Medical adhesive vein closure is offered at Overland Park Regional Medical Center.

Venous Ablation

There are two types of venous ablation, radiofrequency ablation and laser ablation. Radiofrequency venous ablation is a minimally-invasive, catheter-based procedure where problematic veins are closed from the inside using a microwave type energy and ultrasound guidance. Laser venous ablation is performed the same way only using laser energy to seal the vein.

Venous ablation is an outpatient procedure that is low-risk and performed using a local anesthetic. The procedure can take about an hour.

Recovery and Results

About one to three days after the procedure your Kansas City vein doctor will send you for a duplex ultrasound. This is to confirm that the vein is closed and is healing properly. You will have a follow-up visit with your doctor in about another 2 weeks and about a month after that to make sure your leg is feeling well and you don’t have additional symptoms or issues that need to be addressed.

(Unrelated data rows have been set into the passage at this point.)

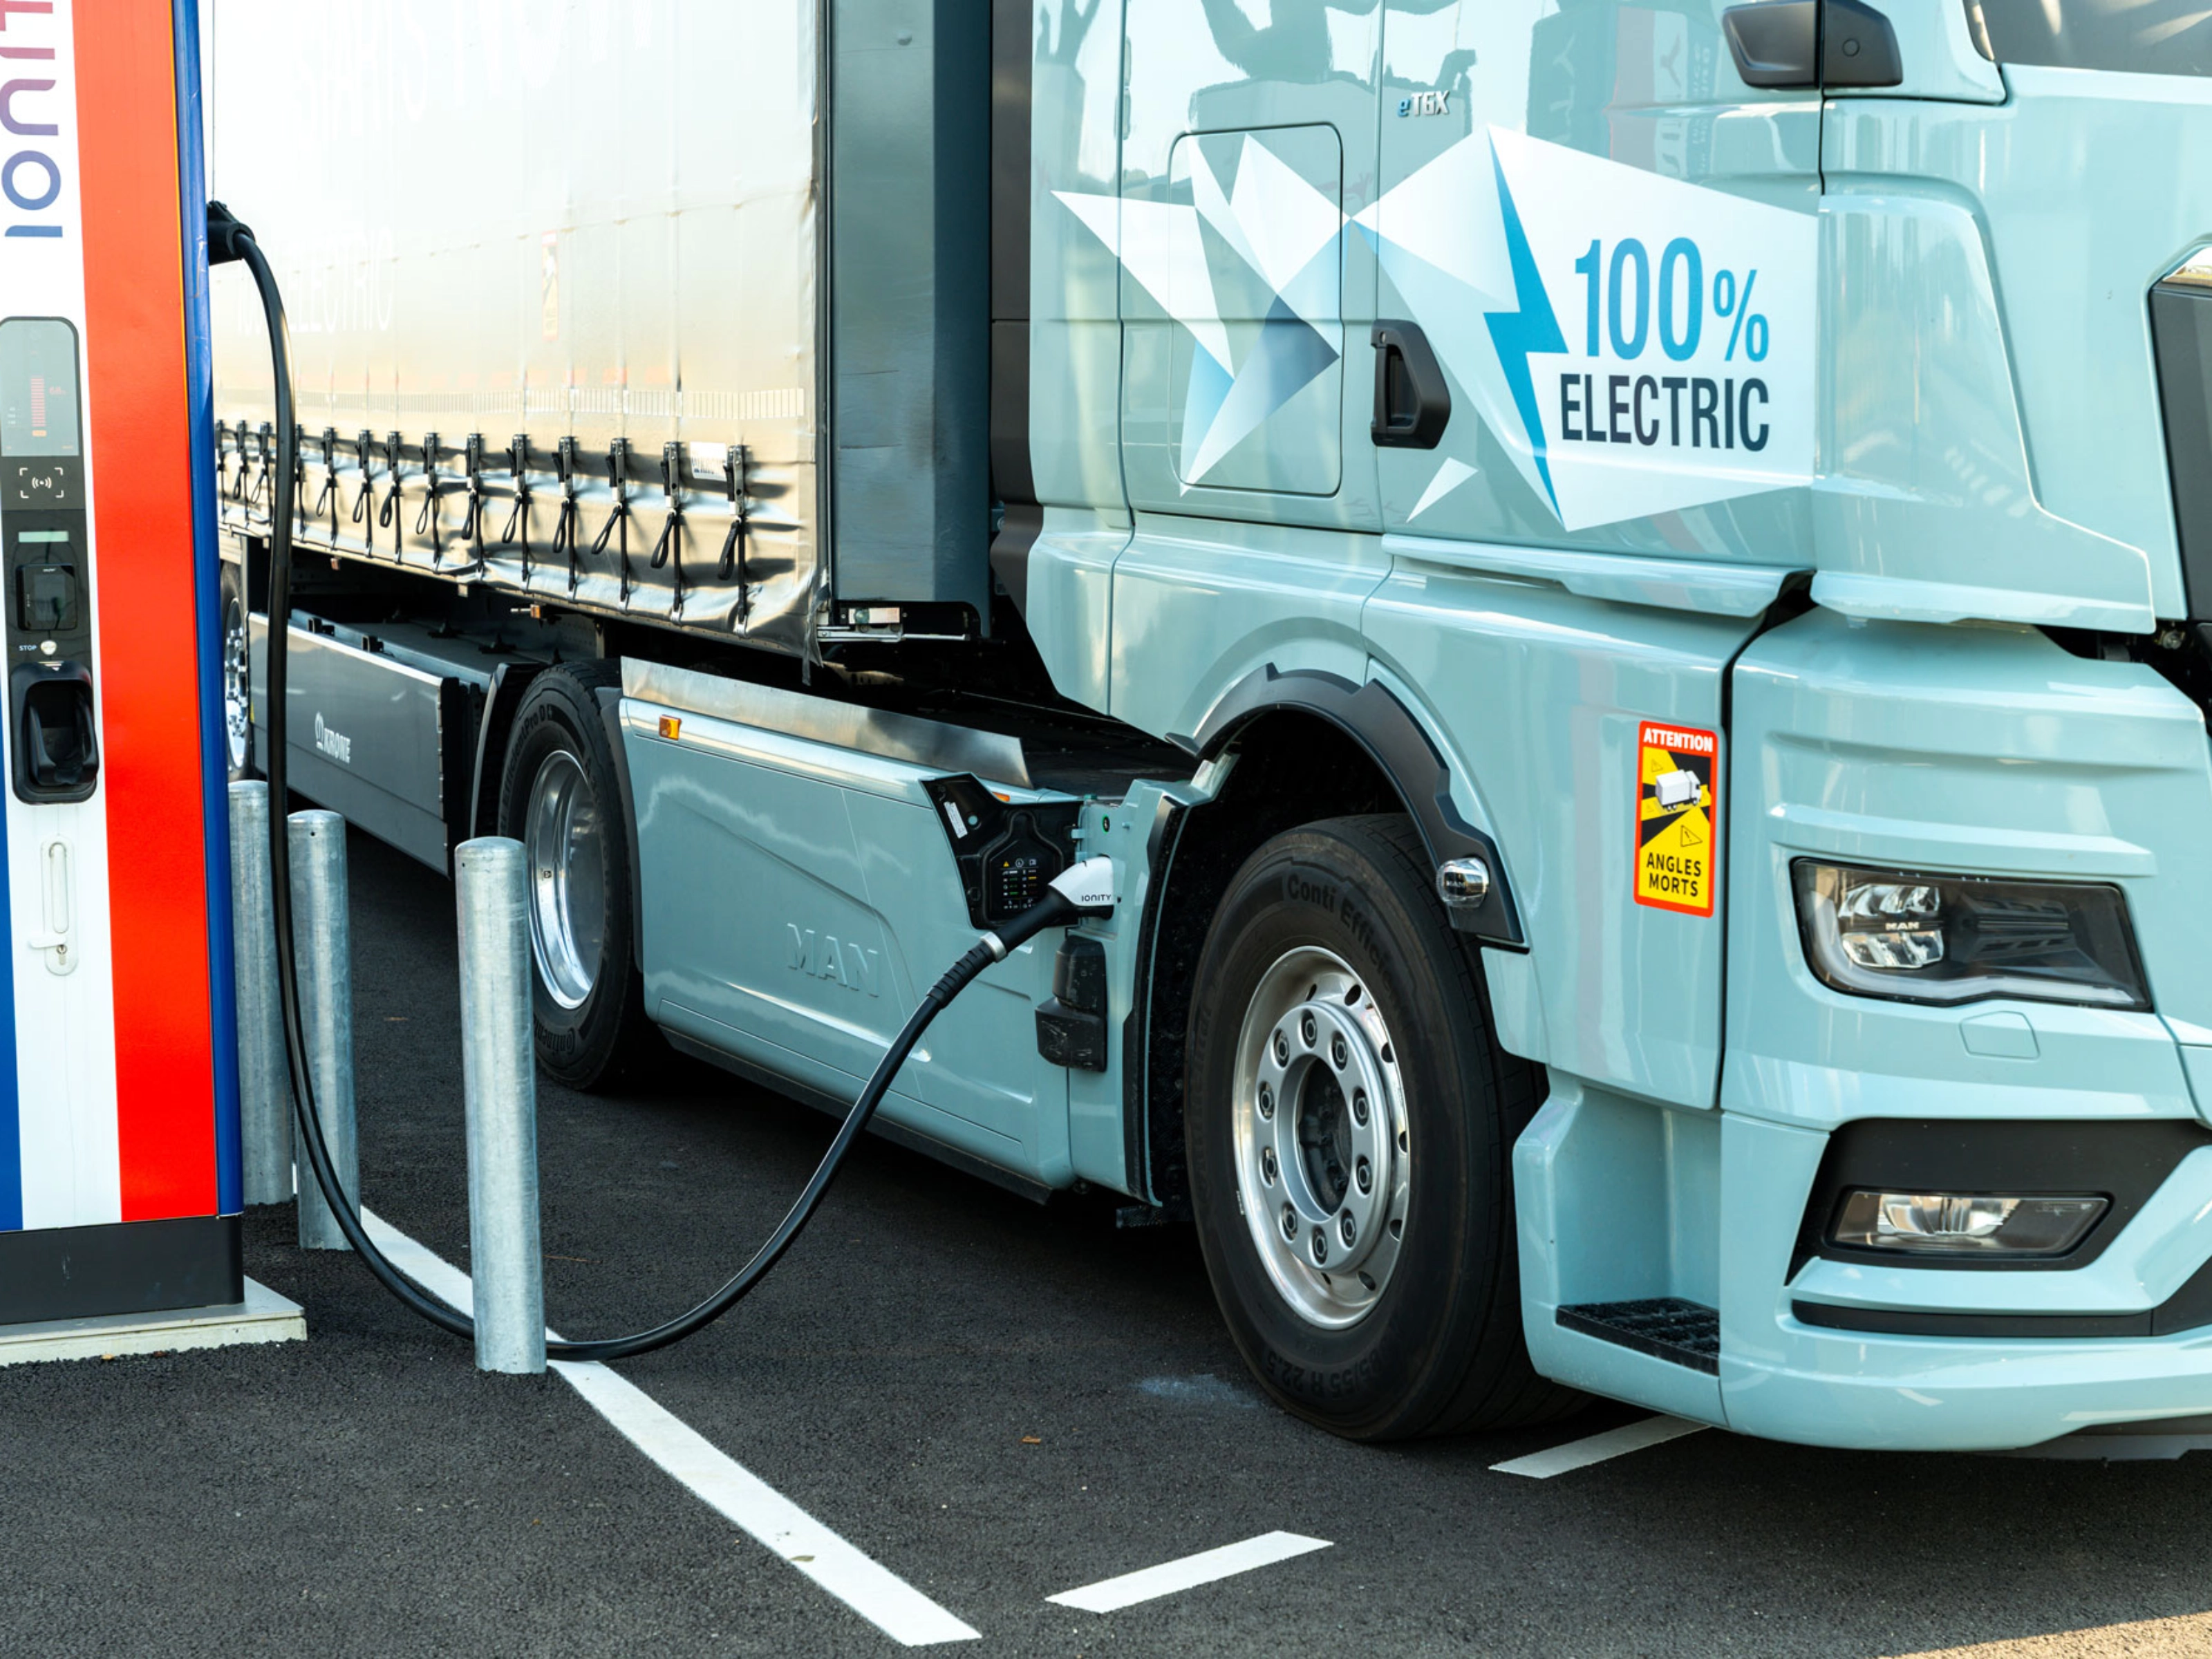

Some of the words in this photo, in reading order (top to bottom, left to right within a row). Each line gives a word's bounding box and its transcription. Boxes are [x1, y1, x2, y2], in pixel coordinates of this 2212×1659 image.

[1574, 236, 1770, 363] 100%
[1559, 373, 1770, 453] ELECTRIC
[323, 727, 351, 764] KRONE
[1643, 727, 1714, 753] ATTENTION
[1647, 852, 1702, 878] ANGLES
[1081, 894, 1112, 902] IONITY
[1287, 873, 1338, 913] Conti
[1649, 872, 1699, 897] MORTS
[1885, 921, 1920, 931] MAN
[787, 922, 880, 998] MAN

It is recommended to take two 20-minute walks the afternoon after the procedure and one 20-minute walk once or twice a day there after. This is to help facilitate the movement of blood out of the leg through the deep venous system.

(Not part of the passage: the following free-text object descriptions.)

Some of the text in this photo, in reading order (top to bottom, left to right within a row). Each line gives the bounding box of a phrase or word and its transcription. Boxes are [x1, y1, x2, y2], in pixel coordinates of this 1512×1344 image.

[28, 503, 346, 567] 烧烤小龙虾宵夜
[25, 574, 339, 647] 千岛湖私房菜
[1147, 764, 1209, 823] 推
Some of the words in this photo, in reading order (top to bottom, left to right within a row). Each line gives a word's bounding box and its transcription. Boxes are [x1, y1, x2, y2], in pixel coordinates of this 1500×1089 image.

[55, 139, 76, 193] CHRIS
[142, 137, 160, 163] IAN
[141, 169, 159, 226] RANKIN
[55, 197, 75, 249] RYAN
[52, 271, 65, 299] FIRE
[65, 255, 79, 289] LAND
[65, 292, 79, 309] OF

Most patients have significant improvement in their symptoms within a week. But many will have significant improvements within a couple days. The procedure can improve symptoms such as pain, swelling, aching, heaviness, fatigue, prominence of varicosities and sometimes improve neurologic symptoms (such as restless leg) if there was a venous trigger.

Vein Surgery

Vein Surgery (microphlebectomy) is a minimally invasive, outpatient procedure used to surgically remove varicose veins. A local anesthetic is administered and your vein surgeon will make very tiny incisions to remove the troublesome vein. The surgery takes about an hour.

Recovery and Results

You will need a duplex ultrasound about one week after your vein surgery to confirm that you are healing properly. Then about one month after surgery, you will see your doctor in his/her office to see how you are progressing and make sure there are not additional symptoms that need to be resolved.

In most cases, patients are able to return to normal activity immediately after treatment. Strenuous activity should be avoided but walking is encouraged to assist with the movement of blood.

There is virtually no scarring and results can be seen almost immediately after treatment. You may experience some bruising or minimal discomfort for a couple days after surgery.

Symptoms of Venous Insufficiency

If you have any of the following symptoms, you may want to consider being evaluated.

  • Leg pain, heaviness or cramping
  • Swelling
  • Tightness
  • Varicose veins (veins that are dark purple or blue, appear twisted and bulging)
  • Skin discoloration, redness, open wounds, sores or ulcers
  • Itching
  • Fatigue

What Causes Varicose Veins?

Varicose veins are caused by the breakdown of the valve system in veins close to the skin. This breakdown doesn’t allow blood to travel back to the heart and causes blood to pool in the lower legs. The increased volume of blood and pressure of that blood can cause pain.

Varicose veins can affect people as young as their teens, but vein disease often progresses as we age. It is also more common in women than men. Other risk factors include:

  • A family history of venous disease
  • Two or more pregnancies
  • Prolonged sitting or standing
  • Obesity or an increased body mass index
  • Leg injuries
  • Smoking
  • Birth control pills or hormone replacement

How do you Prevent Varicose Veins?

While there is not much you can do about your family history, there are some things you can do to help prevent or slow the development of venous disease.

  • Exercise! It can help pump venous blood out of the legs. People who exercise regularly may experience fewer venous symptoms.
  • Avoid heavy isometric exercise (lift heavy things).
  • Avoid prolonged standing or sitting.
  • Avoid smoking.
  • Knee surgeries or leg trauma can sometimes contribute to the development of chronic venous disease.